The giant growled again and moved away from the raging woman.
With another step and a short leap it landed in the auditorium with a crash. As if in a rage of its own the giant moved quickly to the front of the room and with little effort smashed through the flimsy wall. Kate could not see the beast but from the sounds of its grunts and the crashing of masonry it had only a little tougher time with the exterior wall. Frigid air filled the auditorium and stage like water rushing through a broken levy.
She could hear someone sobbing in the auditorium.
Kate rushed to wear Cobe lay. One of his legs bent backwards in an impossible angle and she could see the blood on his lips. His head rolled lazily on his shoulders. “Commander,” she nearly wept taking the broken man in her arms.

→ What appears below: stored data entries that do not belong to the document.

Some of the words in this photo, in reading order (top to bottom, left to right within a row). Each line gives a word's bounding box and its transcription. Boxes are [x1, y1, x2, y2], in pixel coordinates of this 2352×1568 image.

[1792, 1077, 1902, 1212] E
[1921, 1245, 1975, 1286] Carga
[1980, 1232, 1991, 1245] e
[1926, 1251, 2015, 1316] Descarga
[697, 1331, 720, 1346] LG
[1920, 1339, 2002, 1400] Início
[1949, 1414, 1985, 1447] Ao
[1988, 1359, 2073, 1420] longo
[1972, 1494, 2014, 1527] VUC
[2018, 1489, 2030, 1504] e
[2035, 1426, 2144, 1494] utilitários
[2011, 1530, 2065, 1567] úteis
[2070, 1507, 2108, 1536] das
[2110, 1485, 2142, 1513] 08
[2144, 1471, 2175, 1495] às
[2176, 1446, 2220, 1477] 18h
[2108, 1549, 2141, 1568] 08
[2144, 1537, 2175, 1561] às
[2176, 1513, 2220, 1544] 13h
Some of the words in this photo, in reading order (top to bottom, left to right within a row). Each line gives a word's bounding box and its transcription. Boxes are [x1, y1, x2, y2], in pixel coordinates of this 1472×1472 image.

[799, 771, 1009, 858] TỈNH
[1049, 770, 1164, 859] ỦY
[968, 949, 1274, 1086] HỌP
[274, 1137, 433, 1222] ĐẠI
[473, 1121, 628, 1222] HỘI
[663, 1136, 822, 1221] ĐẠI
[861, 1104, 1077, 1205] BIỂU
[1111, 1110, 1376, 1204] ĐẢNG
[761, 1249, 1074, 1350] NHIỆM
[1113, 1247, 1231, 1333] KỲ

“Did we do it?” he groaned. His bloodstained lips barely moving.
“We did sir. The giant is gone…into the ruins”
“Good.” He seemed to relax a little. His eyes dimmed. He struggled with one good arm for her hand. She reached over and clasped his hand in hers. He pressed something cold and hard into her palm. “Get home,” he whispered as his final breath left him.
Tears streamed down her face as she opened his hand. In it was the key that the wizard had given to the commander. She closed her fist around it tightly.
Outside the snow spun and swirled, dancing in the howling winds. The storm had arrived sooner than expected.